Since 1998, the Bigelow Laboratory has tracked several biogeochemical changes in the gulf with the time series. The team collects samples via commercial ferries and research vessels running the same routes repeatedly. They also use autonomous gliders that cross the same sampling line.
The time series’ dataset ultimately will compare changes observed directly on the gulf’s surface waters to observations by NASA satellites acquiring ocean color data. The measurements complement satellite observations from space that can sometimes be clouded by fog.
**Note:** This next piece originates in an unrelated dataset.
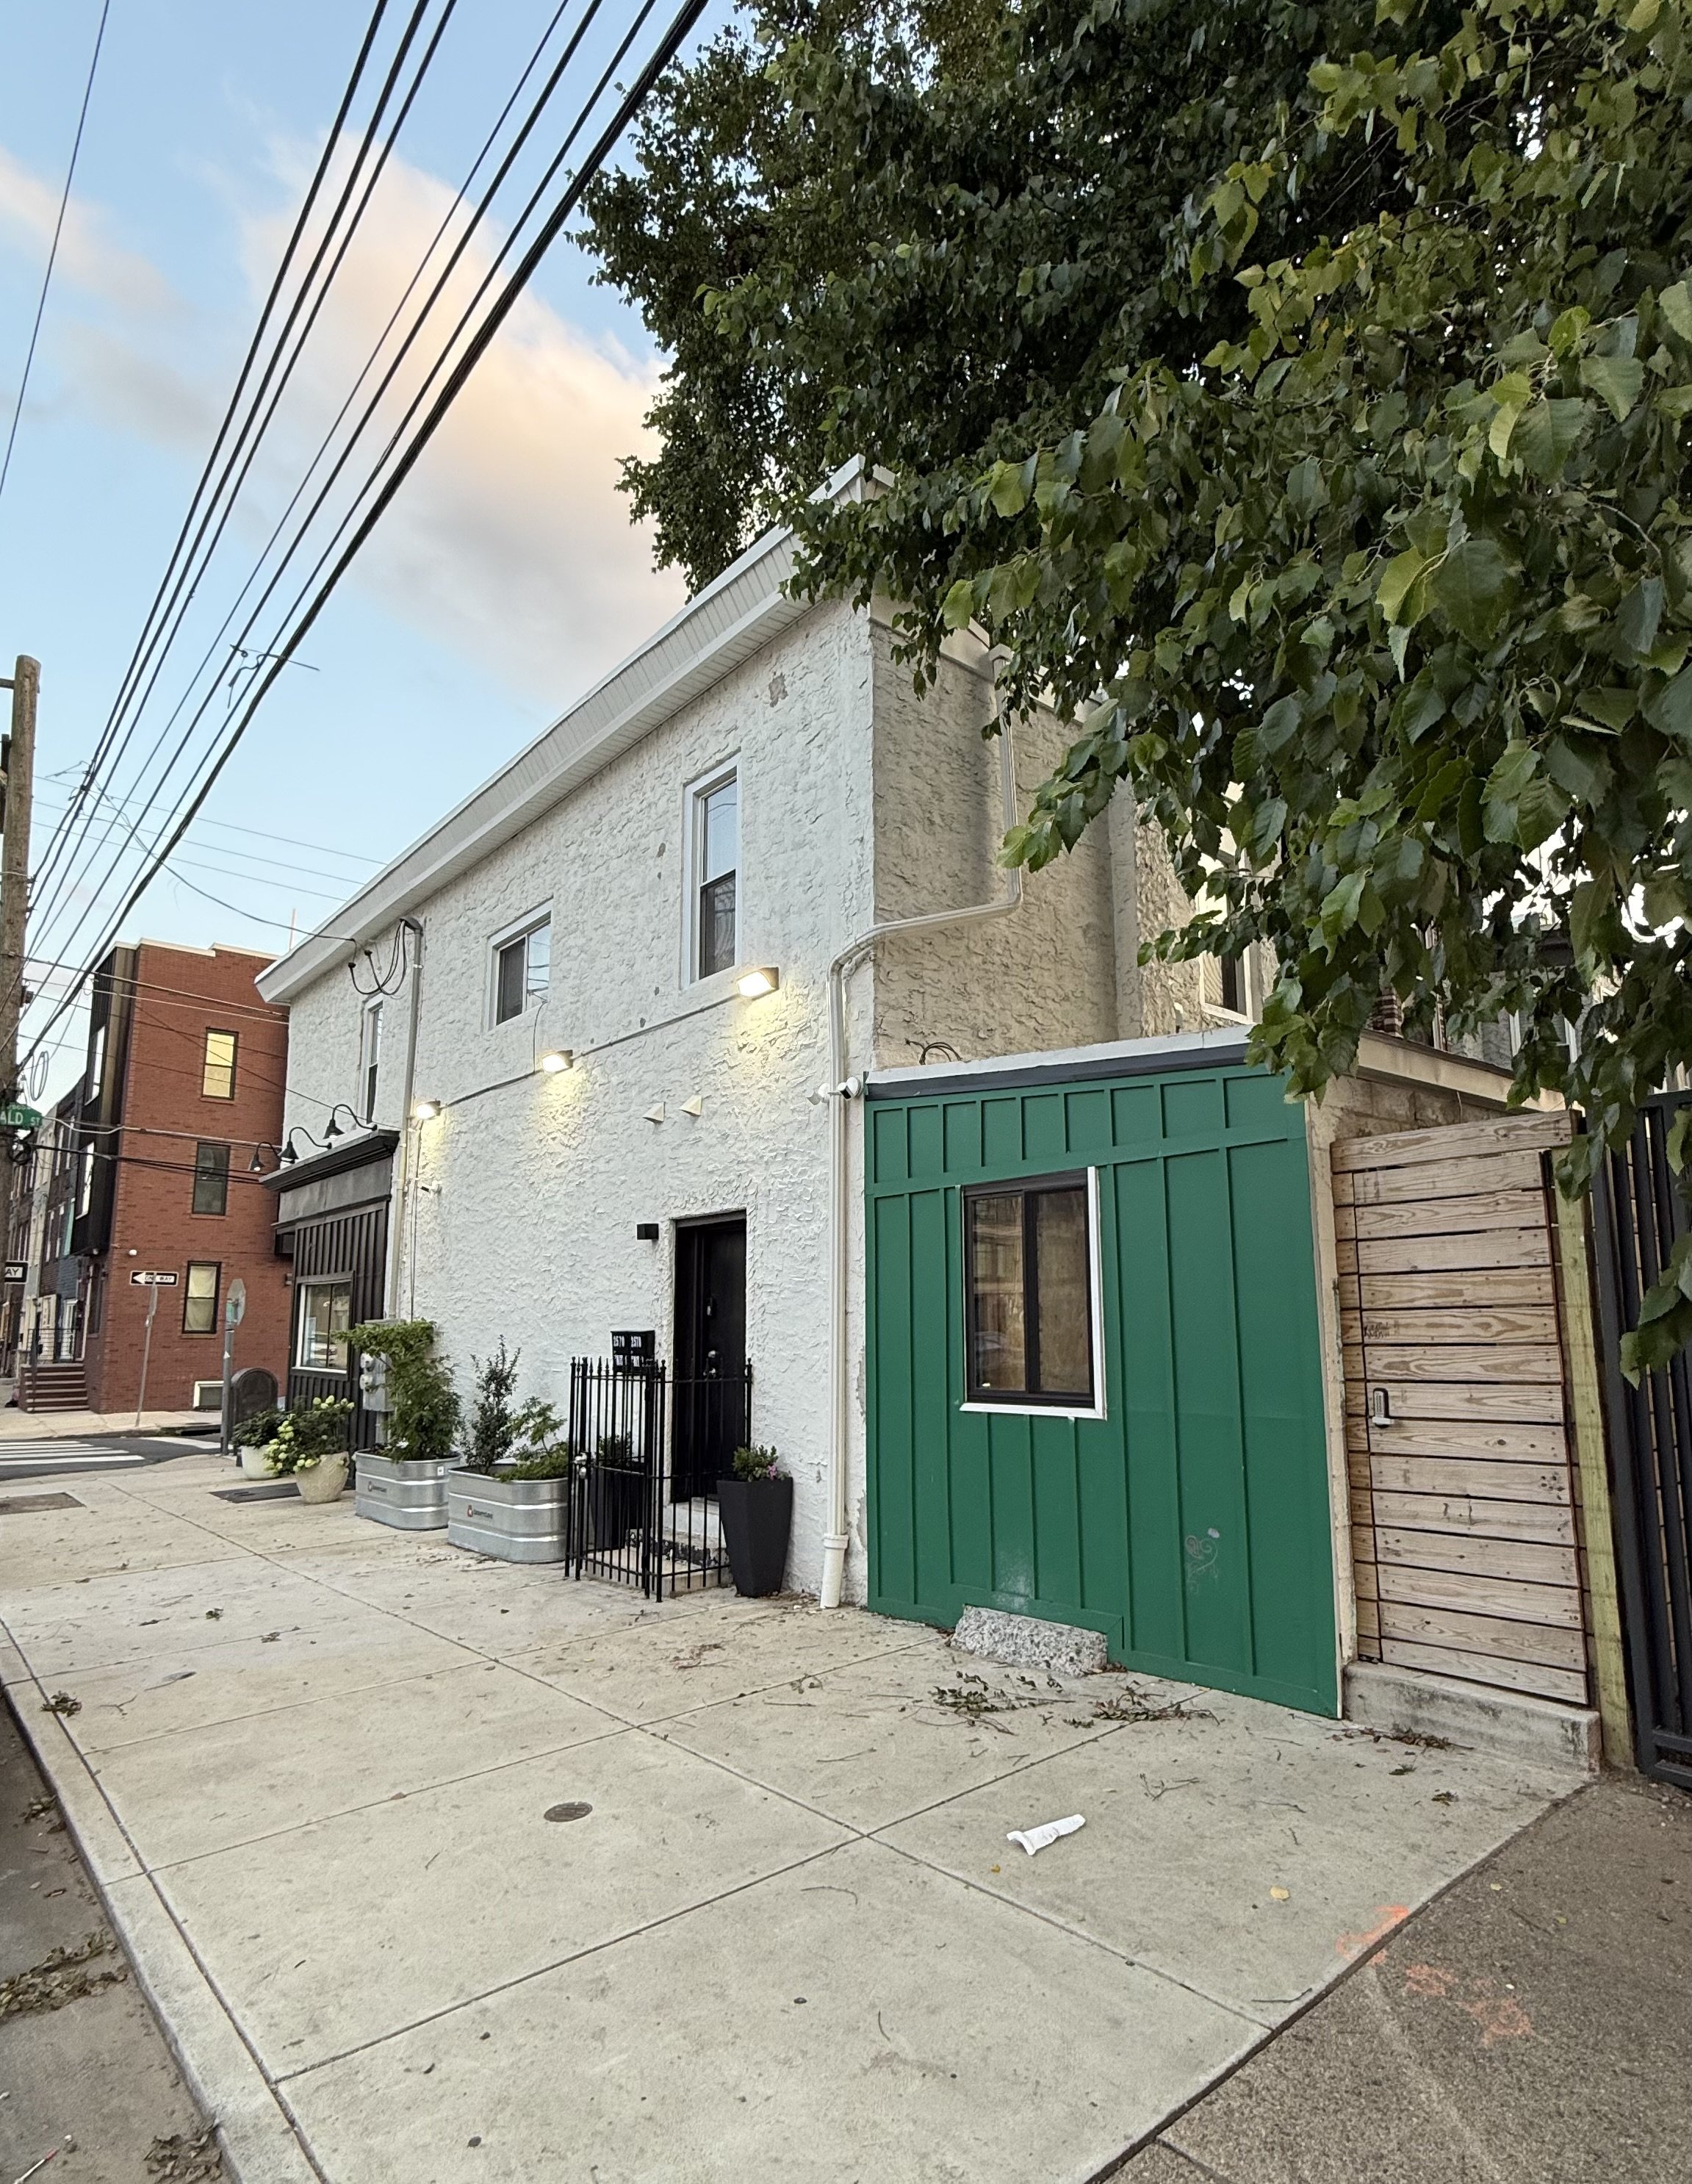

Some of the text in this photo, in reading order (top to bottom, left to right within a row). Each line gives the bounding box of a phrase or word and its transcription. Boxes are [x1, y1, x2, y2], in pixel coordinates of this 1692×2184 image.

[30, 1116, 40, 1126] ST
[4, 1268, 19, 1276] AY
[613, 1335, 624, 1347] 2570
Data on the many colors of the ocean associated with different concentrations of phytoplankton are expected to contribute to upcoming observations by a NASA mission in 2024. The Plankton, Aerosol, Cloud, Ocean Ecosystem (PACE) mission will help study phytoplankton communities and track harmful algal blooms that can disrupt ecosystems, fisheries and tourism in the Gulf of Maine.
“We are focused very much on that lower level, the phytoplankton level,” said Catherine Mitchell, an oceanographer at Bigelow Laboratory and a study coauthor. “But the changes at that level can have all these implications at the higher species, the fisheries, the lobster, and all those kinds of industries that are important within the state of Maine and other states that border the gulf.”